14人が本棚に入れています
本棚に追加
死刑執行官
「どん・どん・どん」
「すいません。開けてください。お話があります」
こんな朝早くから、誰だ・・・・もしかしたら、俺が処刑した家族のものか・・・復讐に来たのかもしれない。
俺の仕事は、アビスの町の死刑執行官である。アビスの町では、理不尽な理由で、死刑になる者が多い。昨日の処刑者は、貴族の馬車の前に、飛び出してきた子供の母親が、貴族の交通の妨げたという理由で、死刑になった。

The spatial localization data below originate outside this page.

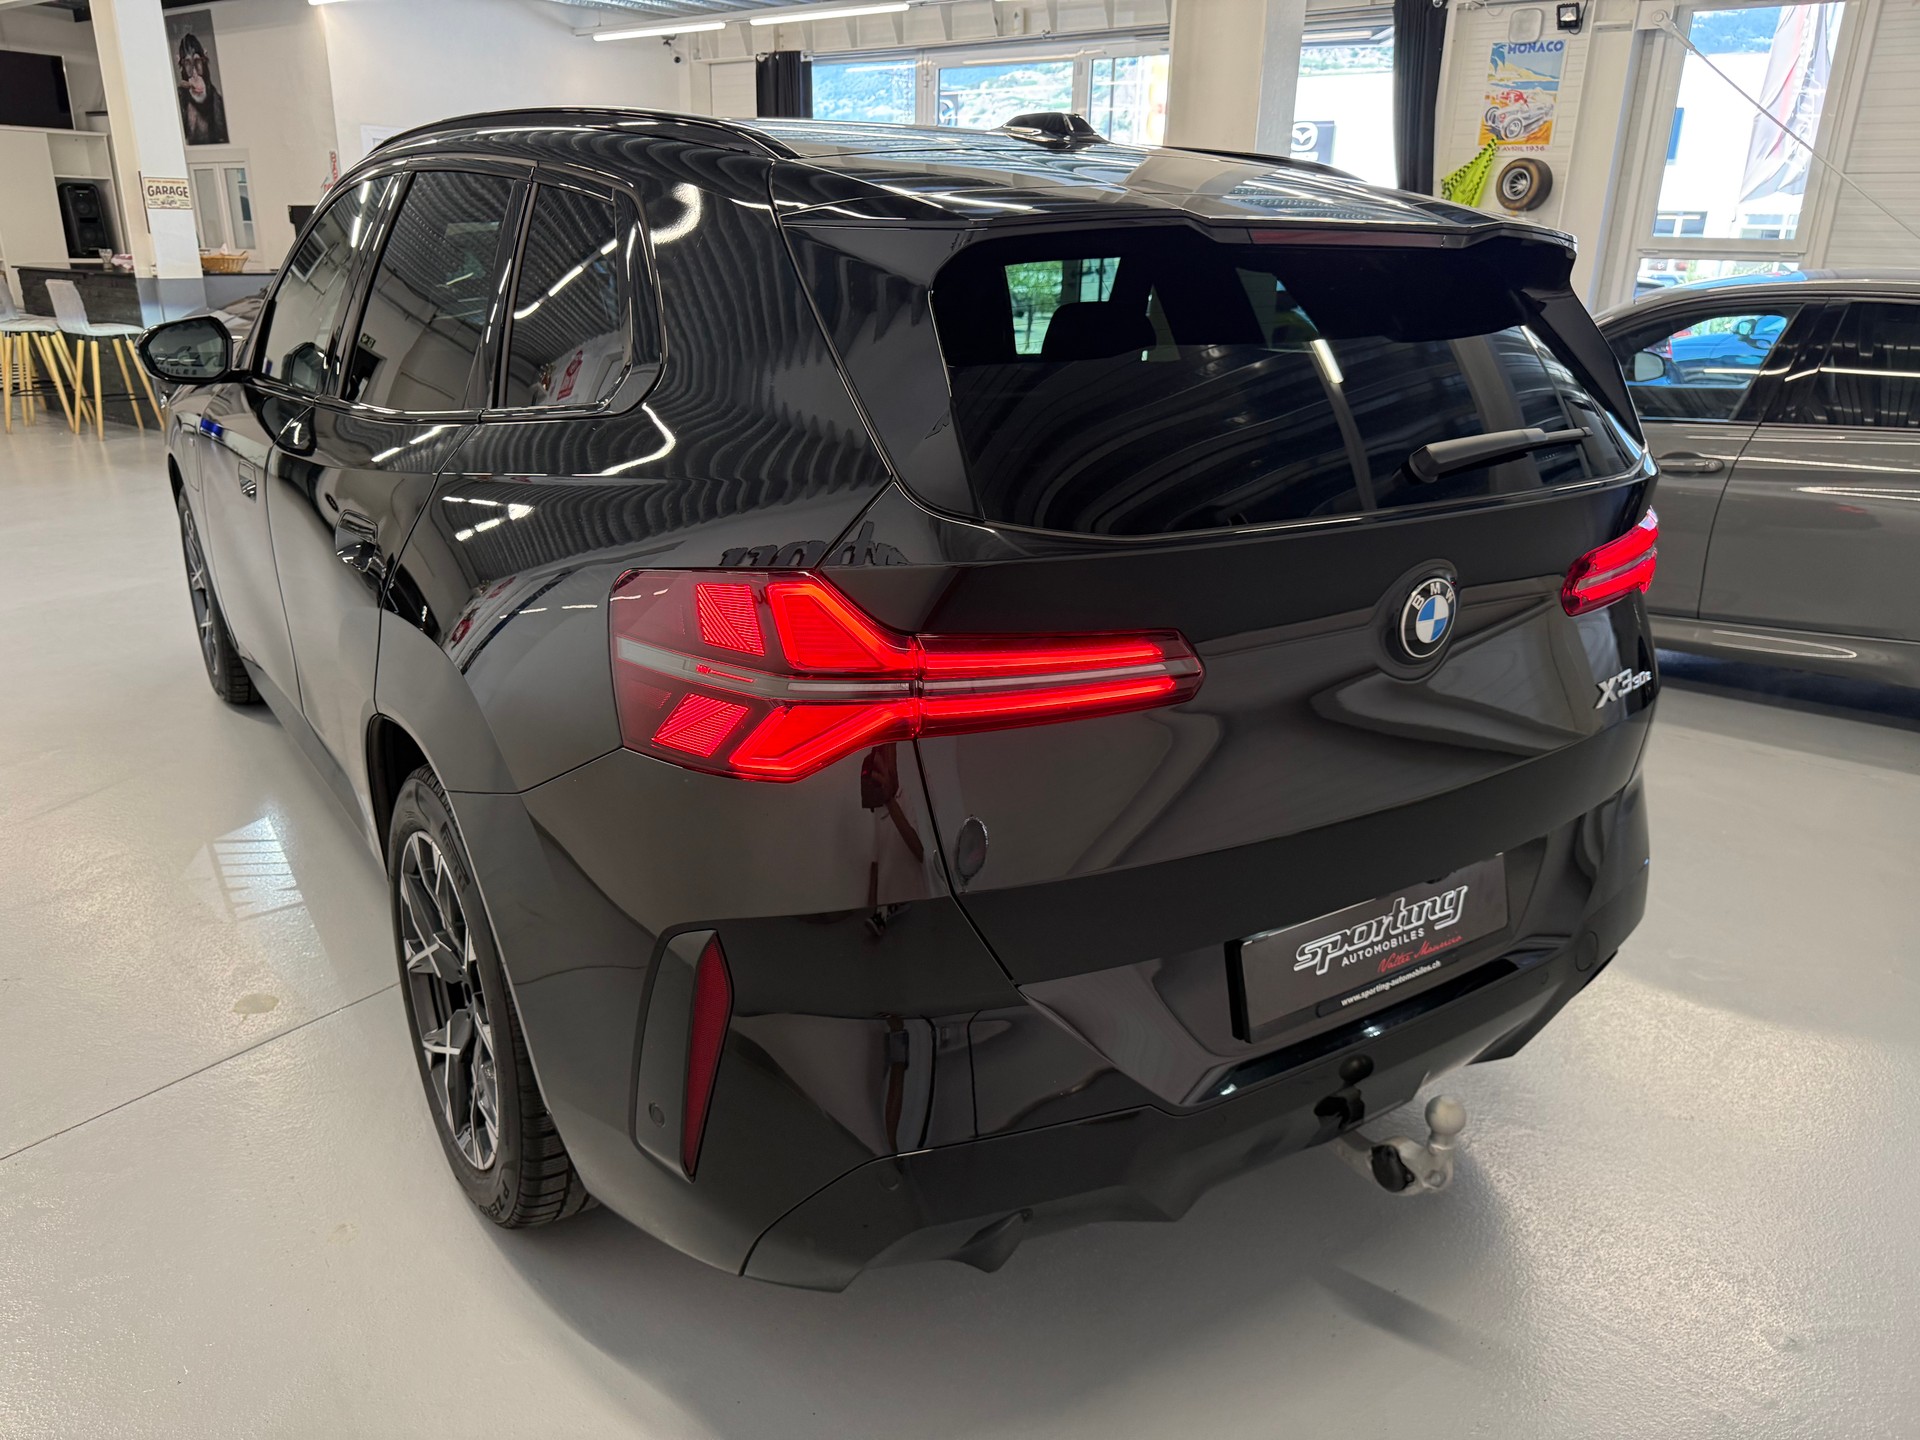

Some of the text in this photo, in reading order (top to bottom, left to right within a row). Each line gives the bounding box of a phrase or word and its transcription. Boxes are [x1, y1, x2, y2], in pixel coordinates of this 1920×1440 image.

[1507, 41, 1564, 54] MONACO
[147, 185, 189, 198] GARAGE
[1411, 581, 1455, 611] BMW
[1595, 668, 1632, 710] X3
[1341, 927, 1425, 967] AUTOMOBILES
[1341, 960, 1442, 1007] www.sporting-automobiles.ch

子供は、馬車に轢かれて、顔は潰れて、手足もグチャグチャに踏み潰されていた。母親は、子供の飛び散った、体の破片を集めて、泣き叫んでいたらしいが、その場で、母親は捕まり、馬車に乗っていた貴族が、馬車を汚し、通行を妨げた罪で、裁判所に連行するように衛兵に訴えた。

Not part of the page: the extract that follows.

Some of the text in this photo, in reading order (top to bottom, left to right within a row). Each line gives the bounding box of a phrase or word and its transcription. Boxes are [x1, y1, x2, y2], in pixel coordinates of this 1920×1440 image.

母親は、裁判所に連れていかれて、その場で死刑が確定された。この町では、死刑が確定すると、町の中央広場で、全裸にされ、長い棒なような物に、両手を縛られ拘束される。
死刑が確定された者には、何をしても許されるので、若い女性だったら、町の連中に広場で、蹂躙され、死刑執行までに、死んでしまう者も多い。
この母親は、30人近くの、町の男にレイプされた後、膣と、肛門に、棒を差し込まれ、下半身は血まみれになっていたが、息はしていた。

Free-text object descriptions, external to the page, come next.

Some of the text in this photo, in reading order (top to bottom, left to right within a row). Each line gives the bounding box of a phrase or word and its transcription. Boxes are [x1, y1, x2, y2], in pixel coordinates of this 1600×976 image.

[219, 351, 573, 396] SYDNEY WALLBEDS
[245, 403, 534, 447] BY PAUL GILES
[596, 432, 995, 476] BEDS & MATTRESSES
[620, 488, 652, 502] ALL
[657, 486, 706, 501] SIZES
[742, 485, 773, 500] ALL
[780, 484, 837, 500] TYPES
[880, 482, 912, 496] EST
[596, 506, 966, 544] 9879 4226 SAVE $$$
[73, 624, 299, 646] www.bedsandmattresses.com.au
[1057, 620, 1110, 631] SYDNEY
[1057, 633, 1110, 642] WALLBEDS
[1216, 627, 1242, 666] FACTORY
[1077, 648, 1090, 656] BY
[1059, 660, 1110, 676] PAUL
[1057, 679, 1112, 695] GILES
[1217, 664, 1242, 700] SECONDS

俺はそんな、蹂躙された罪人を苦痛から、解放するために、首を切り落とし、死刑を執行する。罪人たちで、まだ声を発することが、出来る者は、必ず同じことをいう。
「早く殺して」
俺は、この仕事に誇りを持っている。誰かが、苦痛から解放してあげないといけないからである。しかし、俺の仕事は理解されない。まず、町に住むことが、許されていない。
しかも、死刑になる者は、ほとんどが、地位の低い低級平民である。些細なことで、すぐに死刑にされてしまう。家族が死刑になると、広場で、大事な家族が、平民のストレス発散のため、ひどい目に遭わされる。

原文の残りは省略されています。